■ What you need to do
All pictures are to be dropped, and the remaining data set down exactly.

Supplied records section start

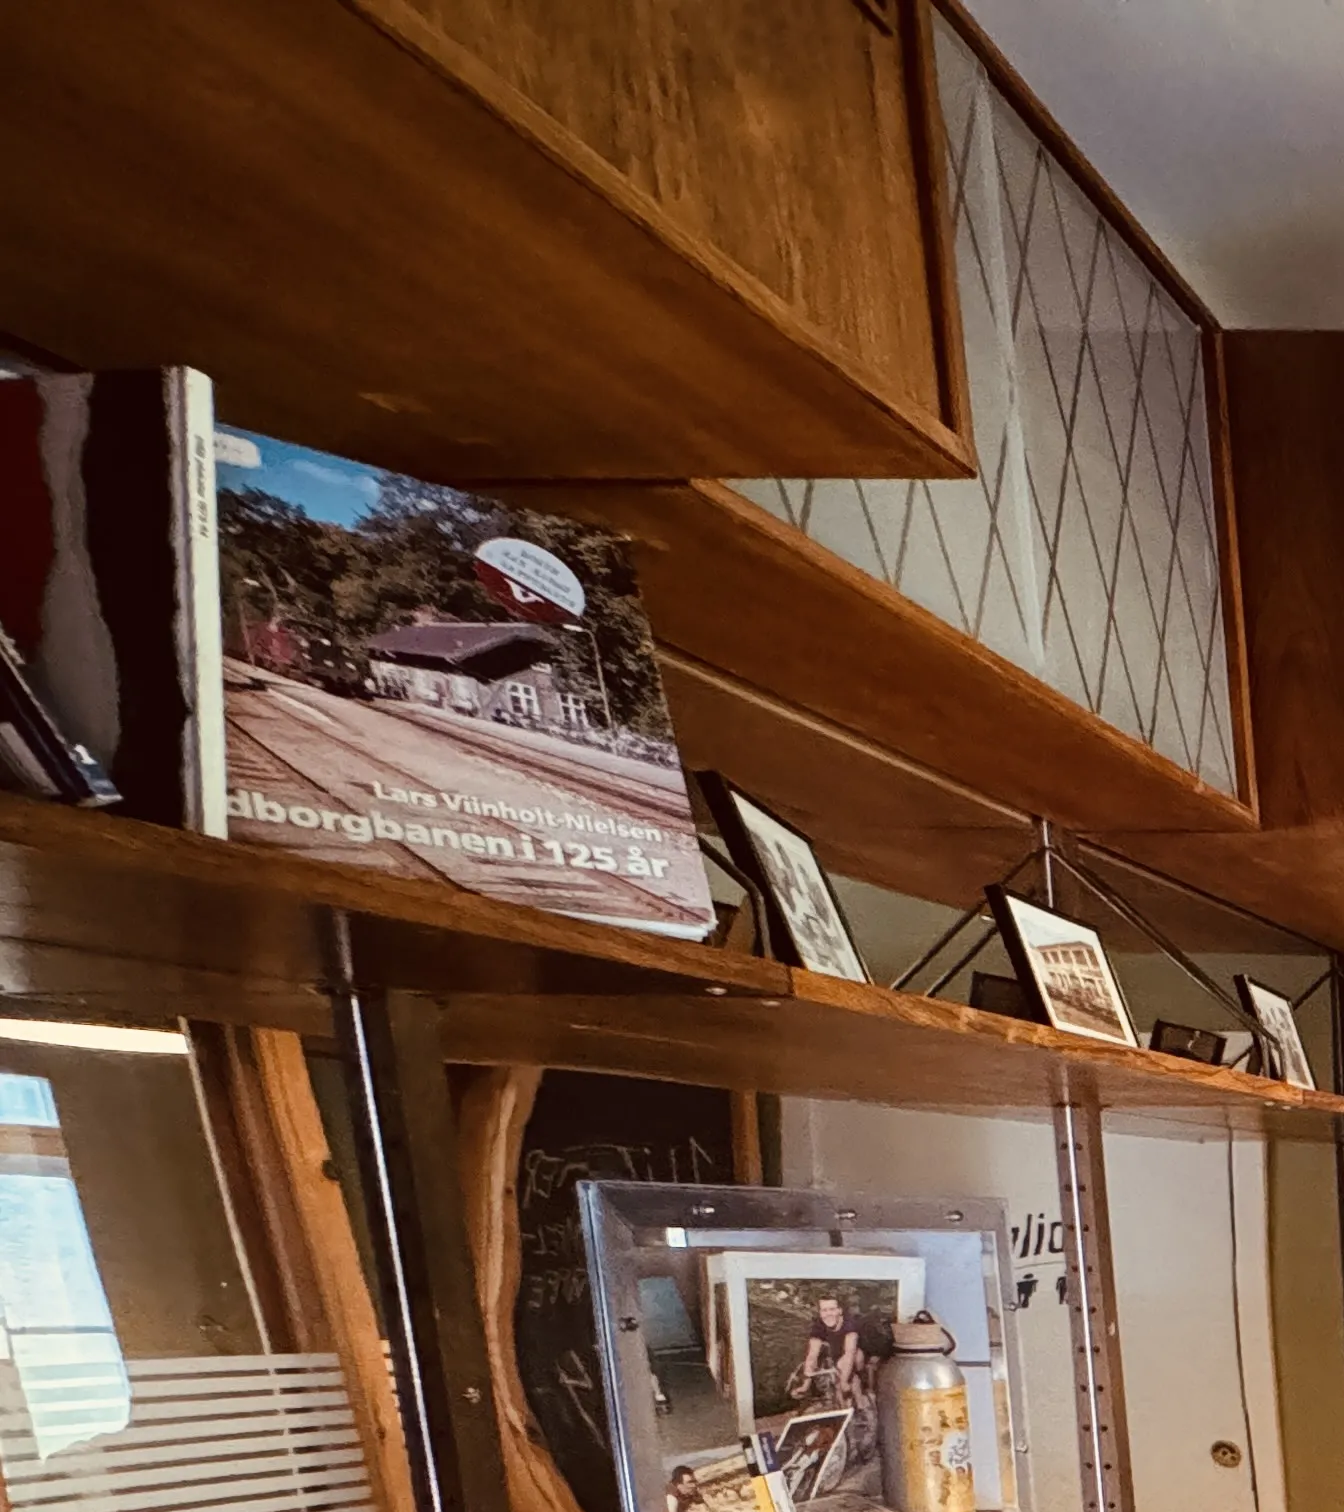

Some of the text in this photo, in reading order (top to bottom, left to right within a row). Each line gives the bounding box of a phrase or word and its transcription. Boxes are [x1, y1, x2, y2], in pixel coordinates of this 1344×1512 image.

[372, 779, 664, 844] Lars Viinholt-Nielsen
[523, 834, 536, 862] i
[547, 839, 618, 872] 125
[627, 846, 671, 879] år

Supplied records section end

■ Finished exercise
Some of the text in this photo, in reading order (top to bottom, left to right within a row). Each line gives the bounding box of a phrase or word and its transcription. Boxes are [x1, y1, x2, y2], in pixel coordinates of this 1344×1512 image.

[372, 779, 664, 844] Lars Viinholt-Nielsen
[523, 834, 536, 862] i
[547, 839, 618, 872] 125
[627, 846, 671, 879] år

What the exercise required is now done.